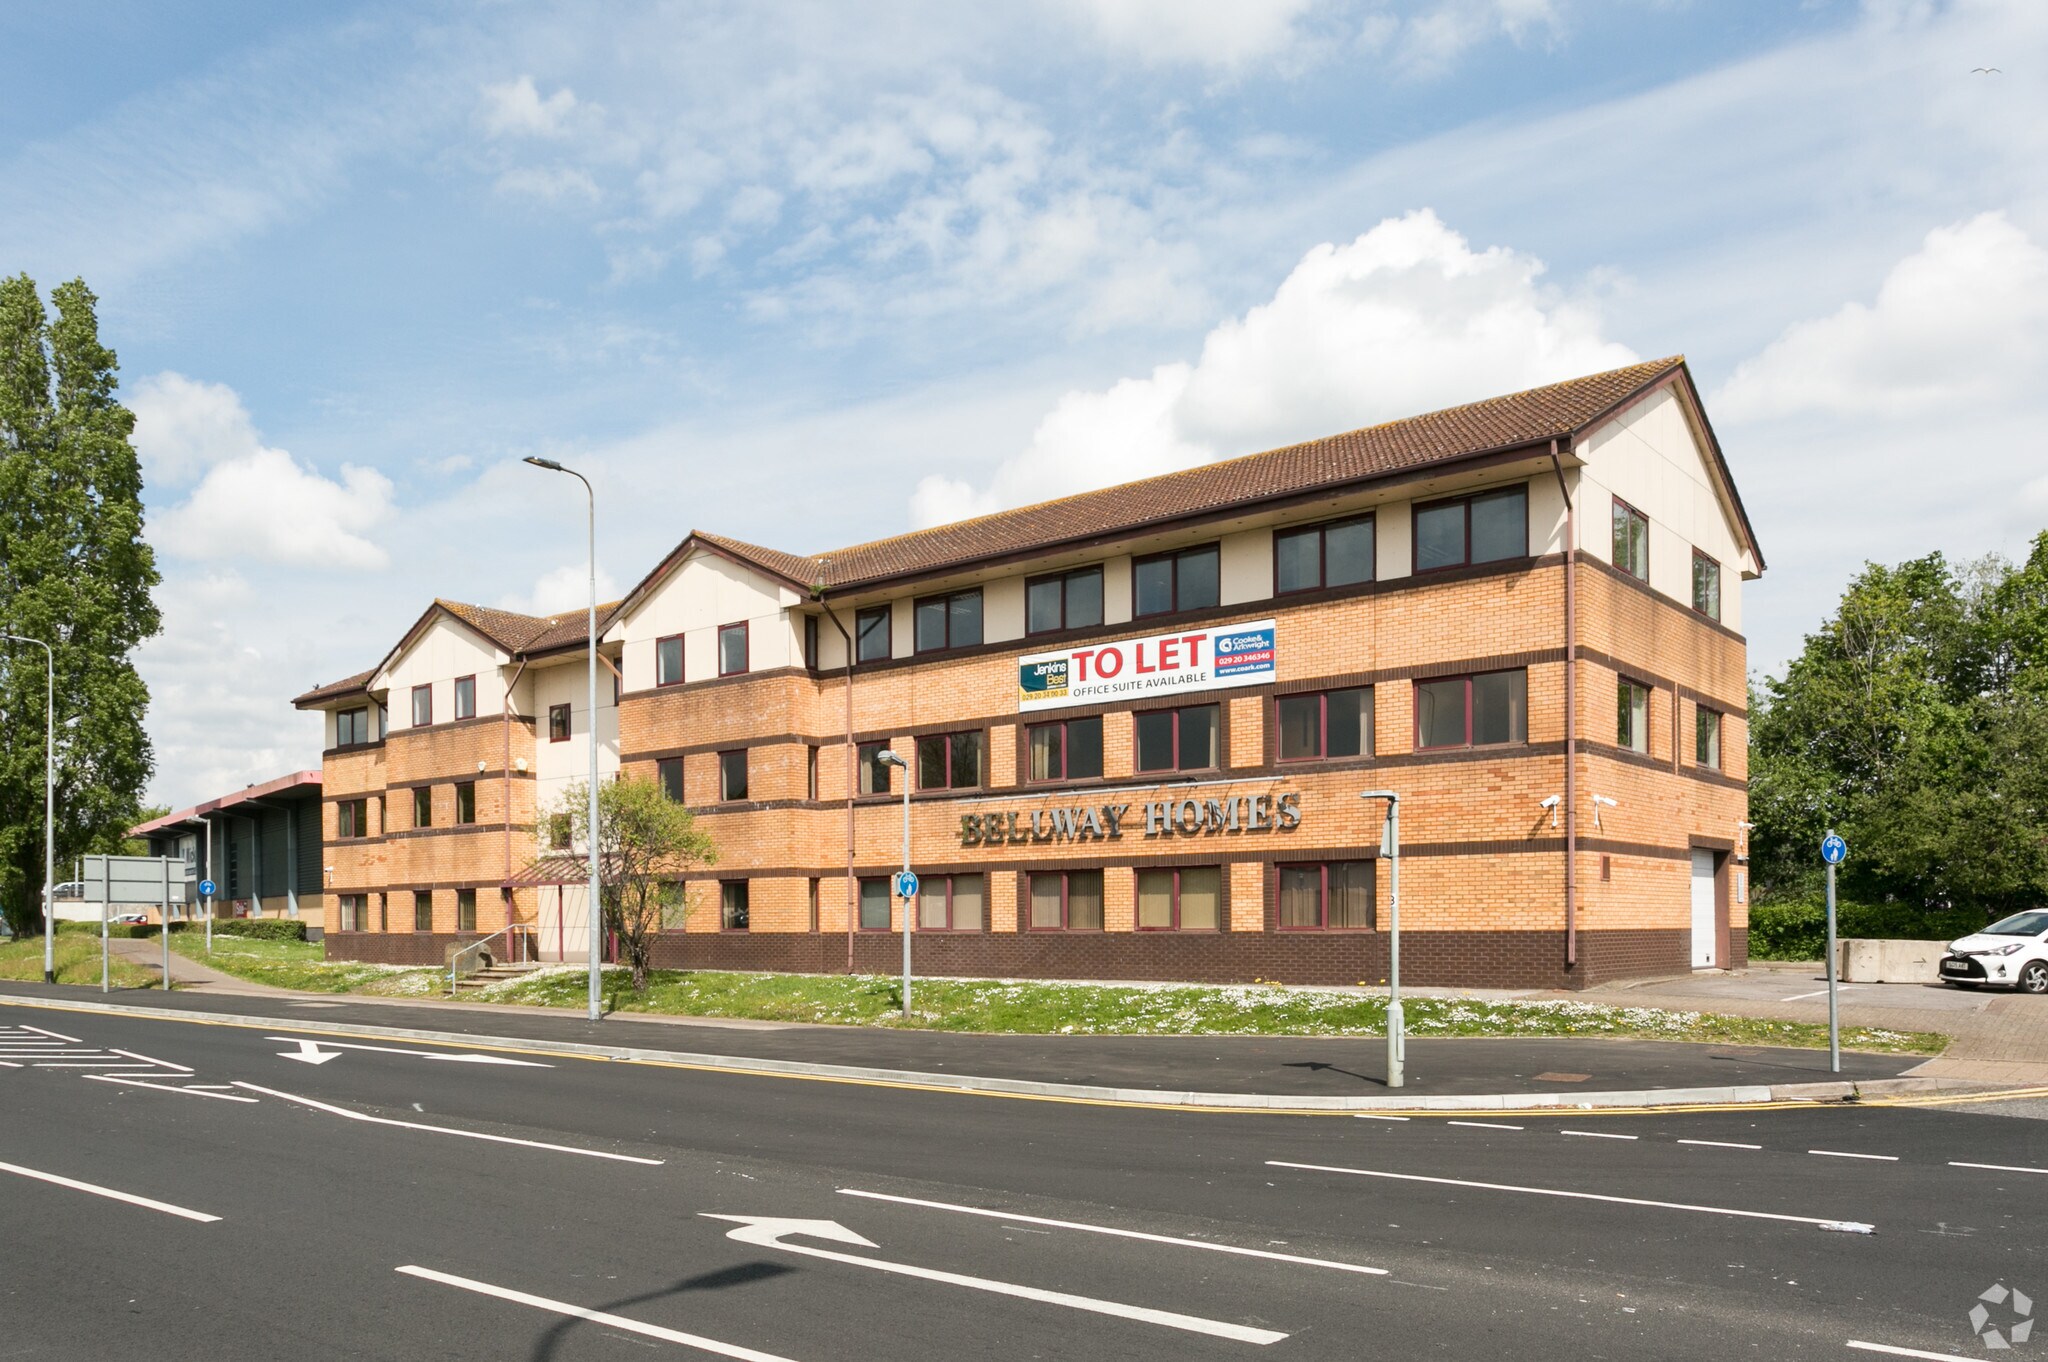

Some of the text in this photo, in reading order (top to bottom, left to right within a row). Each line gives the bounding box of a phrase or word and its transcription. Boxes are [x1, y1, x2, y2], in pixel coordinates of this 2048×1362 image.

[1233, 640, 1270, 651] Arkwright
[1072, 634, 1207, 681] TO LET
[1218, 652, 1270, 665] 029 20 346346
[1034, 662, 1066, 675] Jenkins
[1219, 663, 1271, 674] www.coark.com
[1047, 673, 1066, 685] Best
[1073, 684, 1110, 697] OFFICE
[1112, 680, 1143, 693] SUITE
[1145, 672, 1207, 689] AVAILABLE
[1034, 692, 1042, 700] 20
[961, 792, 1300, 845] BELLWAY HOMES
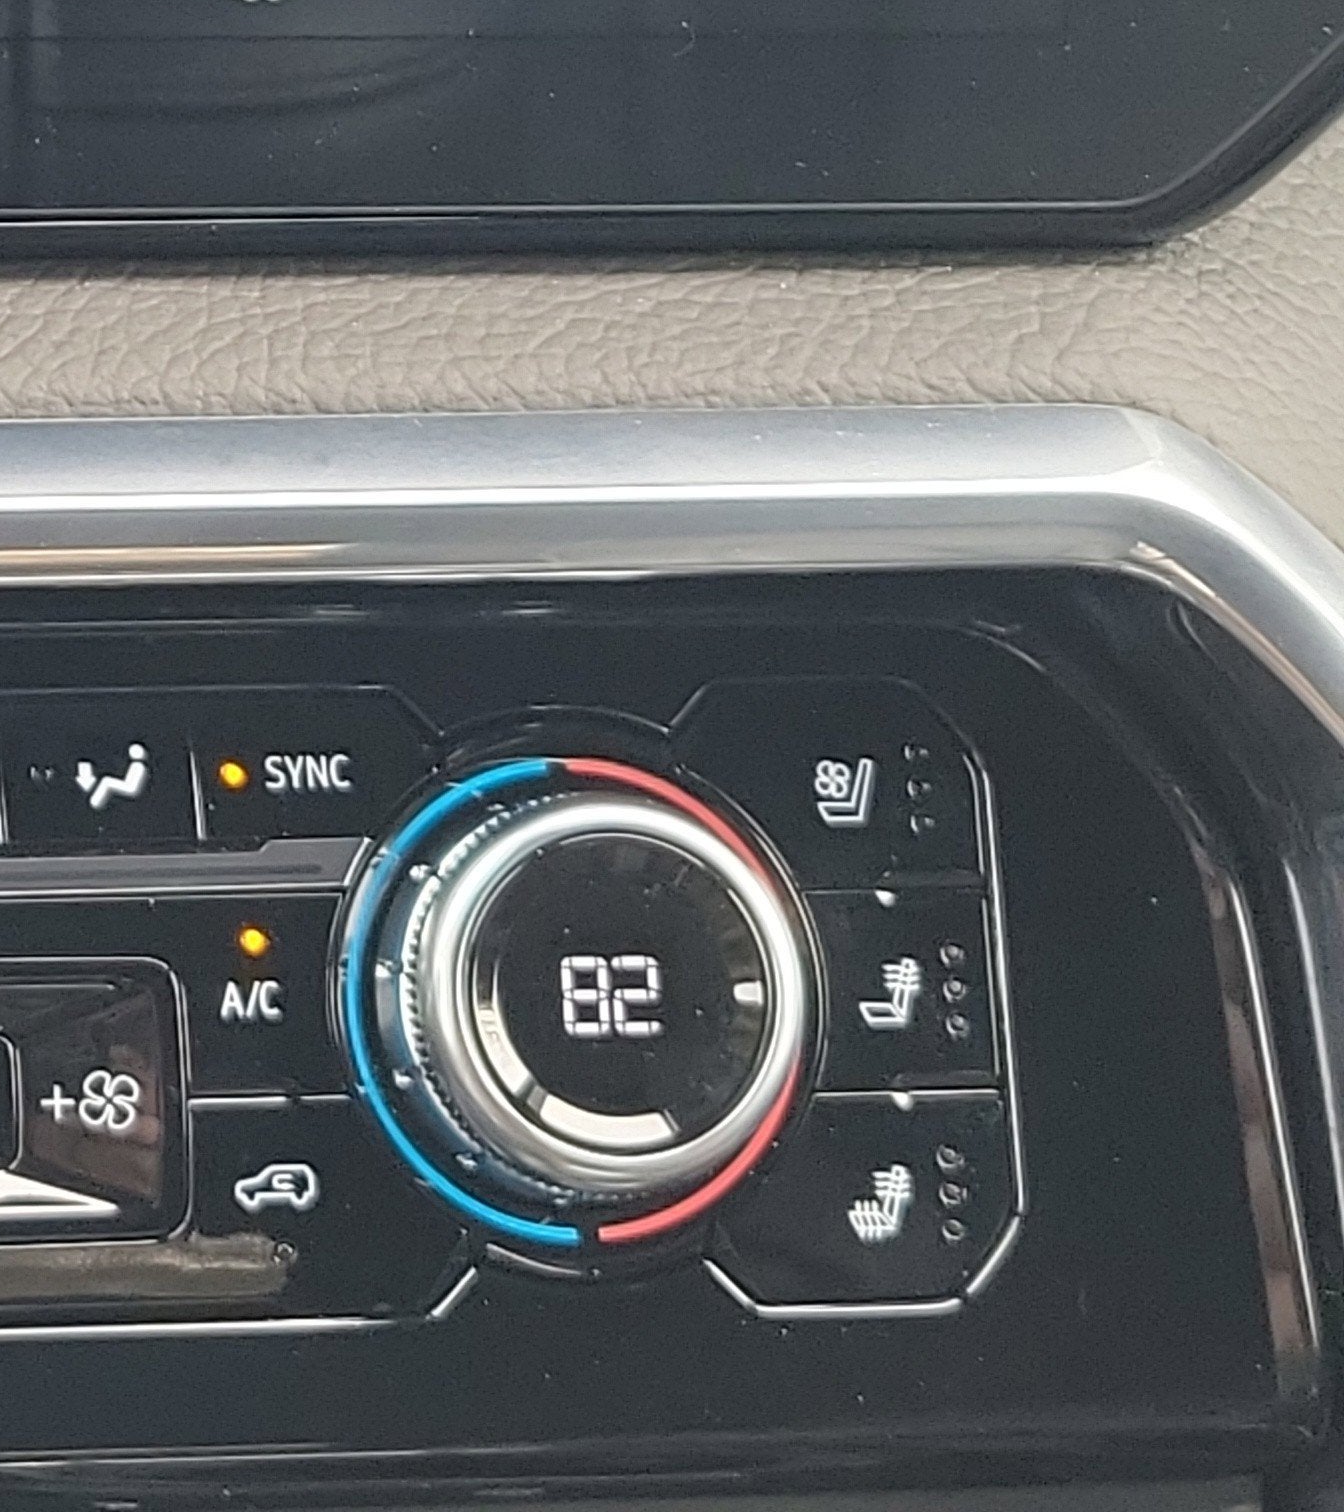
—————
» ACTION ITEM
Would you set down every line of the data above exactly, skipping the pictures?

» RESULT
Some of the text in this photo, in reading order (top to bottom, left to right within a row). Each line gives the bounding box of a phrase or word and its transcription. Boxes are [x1, y1, x2, y2], in pixel coordinates of this 2048×1362 image.

[1233, 640, 1270, 651] Arkwright
[1072, 634, 1207, 681] TO LET
[1218, 652, 1270, 665] 029 20 346346
[1034, 662, 1066, 675] Jenkins
[1219, 663, 1271, 674] www.coark.com
[1047, 673, 1066, 685] Best
[1073, 684, 1110, 697] OFFICE
[1112, 680, 1143, 693] SUITE
[1145, 672, 1207, 689] AVAILABLE
[1034, 692, 1042, 700] 20
[961, 792, 1300, 845] BELLWAY HOMES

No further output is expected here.